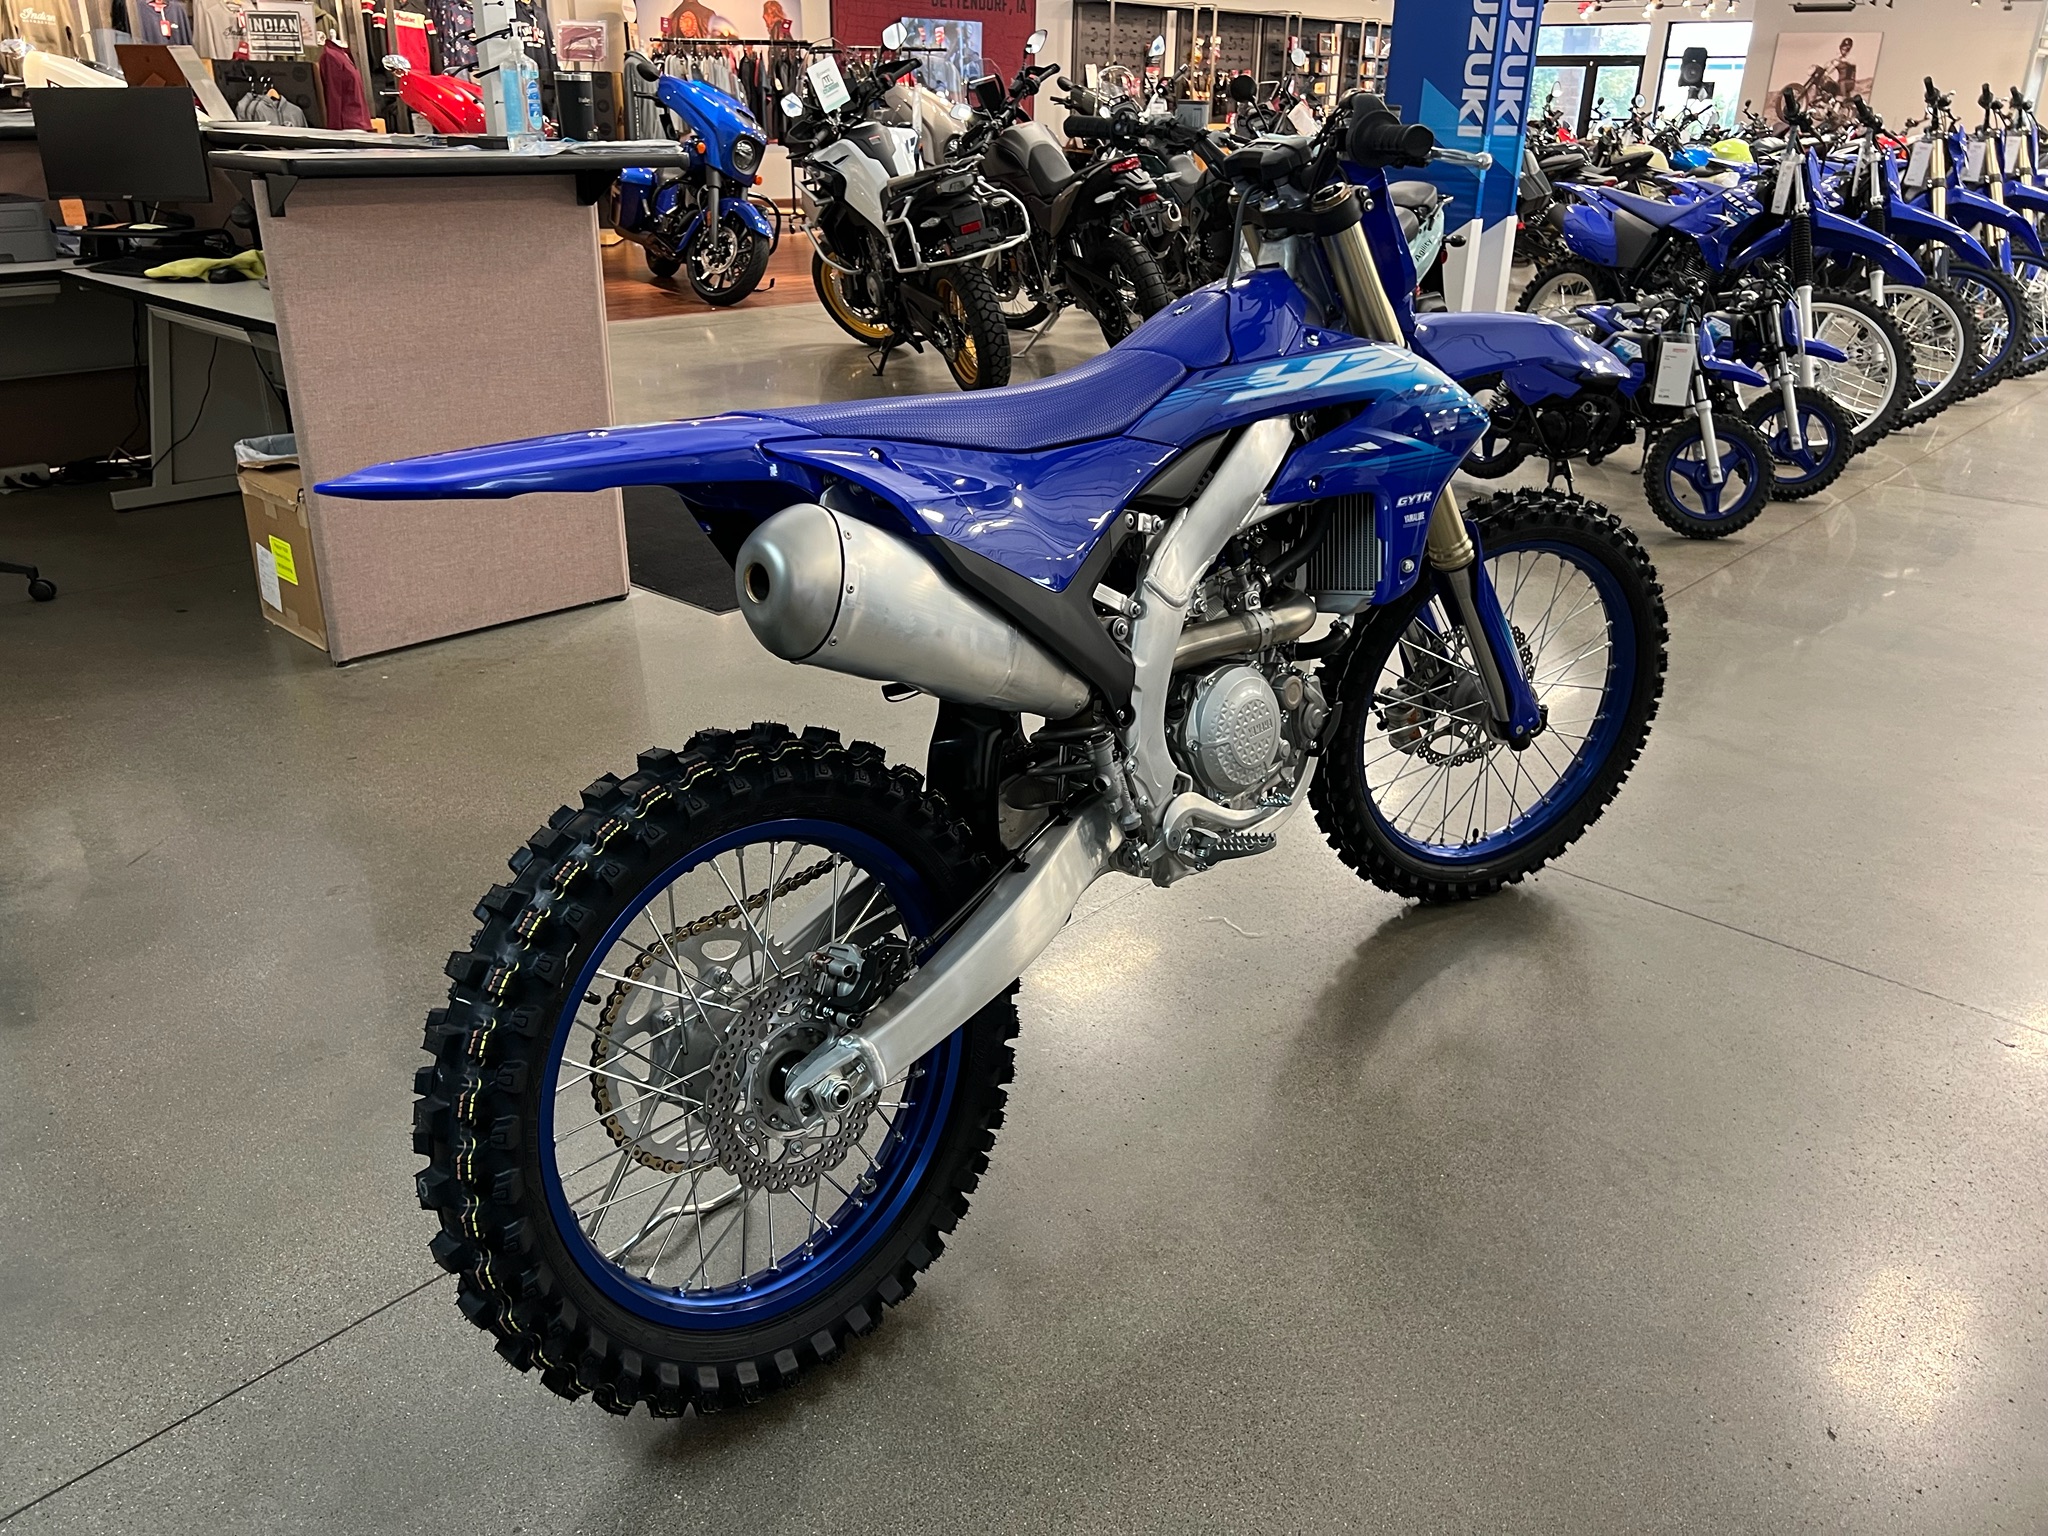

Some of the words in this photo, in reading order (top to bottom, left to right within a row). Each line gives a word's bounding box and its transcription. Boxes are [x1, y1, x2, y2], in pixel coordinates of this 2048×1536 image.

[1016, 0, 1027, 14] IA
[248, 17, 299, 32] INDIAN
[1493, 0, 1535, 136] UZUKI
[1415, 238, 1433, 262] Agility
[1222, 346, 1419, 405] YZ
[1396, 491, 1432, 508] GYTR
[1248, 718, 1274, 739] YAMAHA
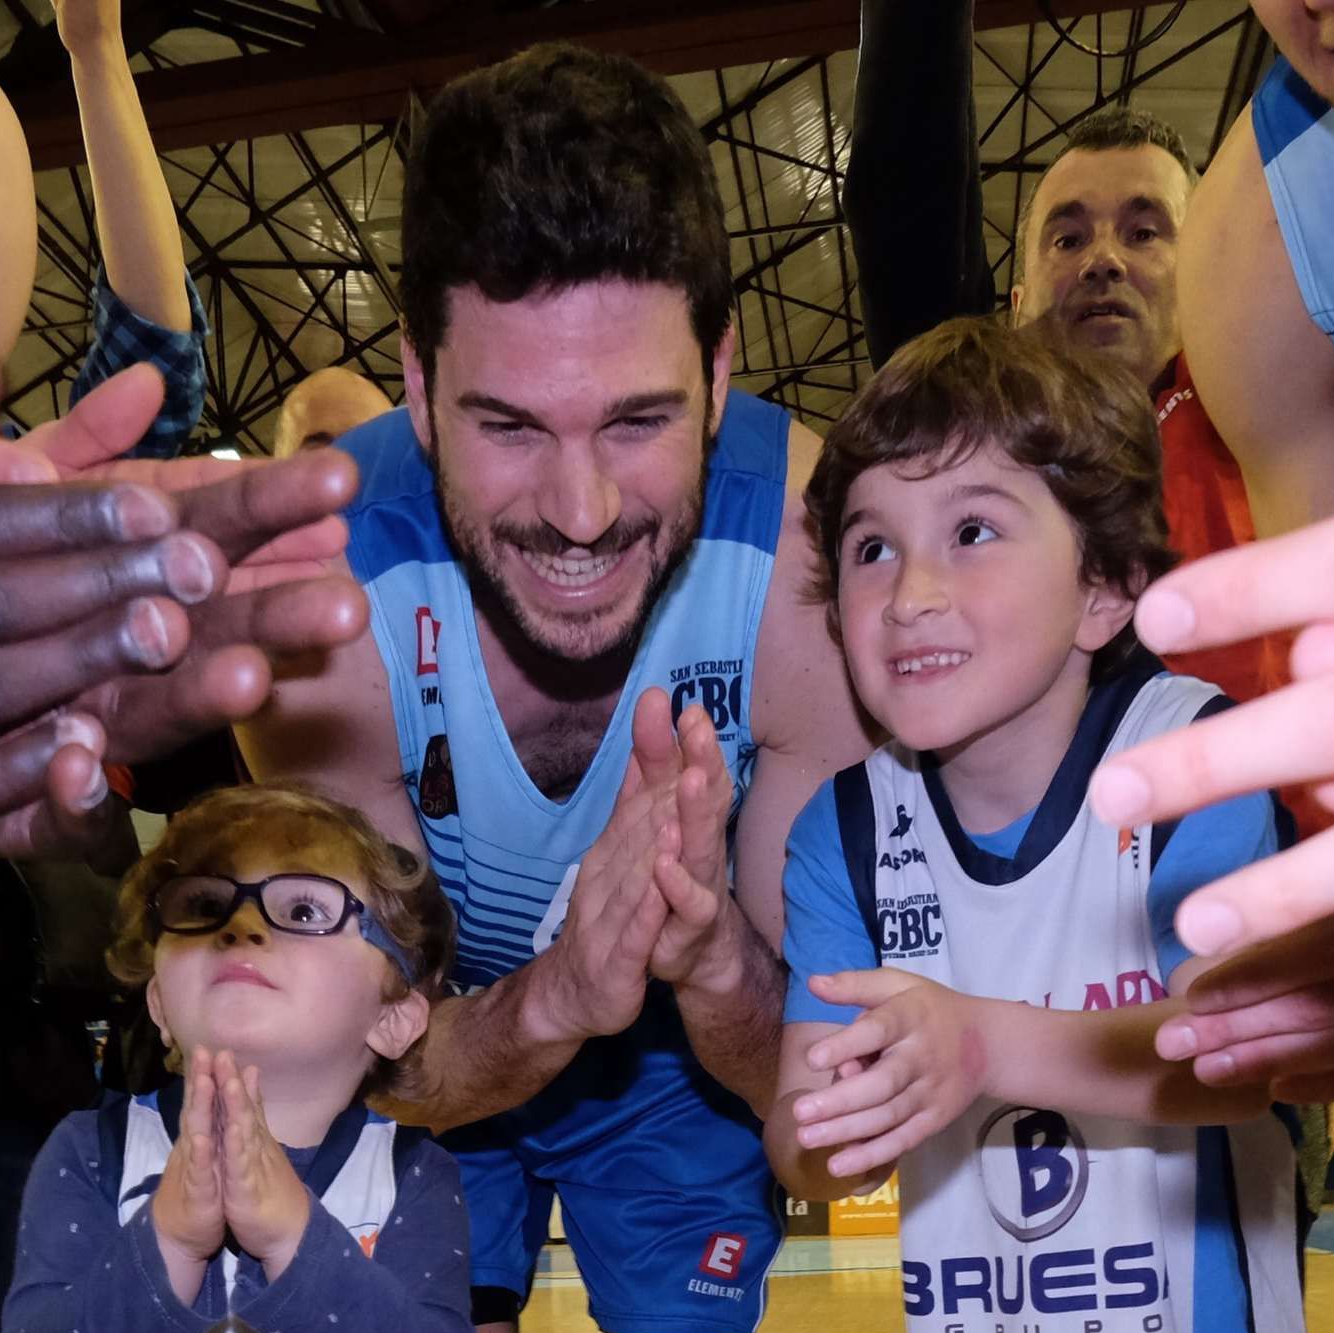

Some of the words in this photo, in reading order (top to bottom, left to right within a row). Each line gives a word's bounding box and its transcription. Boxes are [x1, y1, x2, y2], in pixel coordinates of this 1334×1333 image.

*WHAT THE TASK ASKS*
Copy each entry above exactly; drop the pictures.

*ANSWER FOR THIS EXERCISE*
Some of the words in this photo, in reading order (top to bottom, left to right within a row). Each line gives a word's bounding box and its transcription. Boxes are [x1, y1, x2, y2], in pixel coordinates of this 2048×1536 image.

[1016, 0, 1027, 14] IA
[248, 17, 299, 32] INDIAN
[1493, 0, 1535, 136] UZUKI
[1415, 238, 1433, 262] Agility
[1222, 346, 1419, 405] YZ
[1396, 491, 1432, 508] GYTR
[1248, 718, 1274, 739] YAMAHA

Some of the words in this photo, in reading order (top to bottom, left to right within a row). Each line gives a word's bounding box and its transcription. Boxes are [x1, y1, x2, y2], in pixel coordinates of this 1334×1333 image.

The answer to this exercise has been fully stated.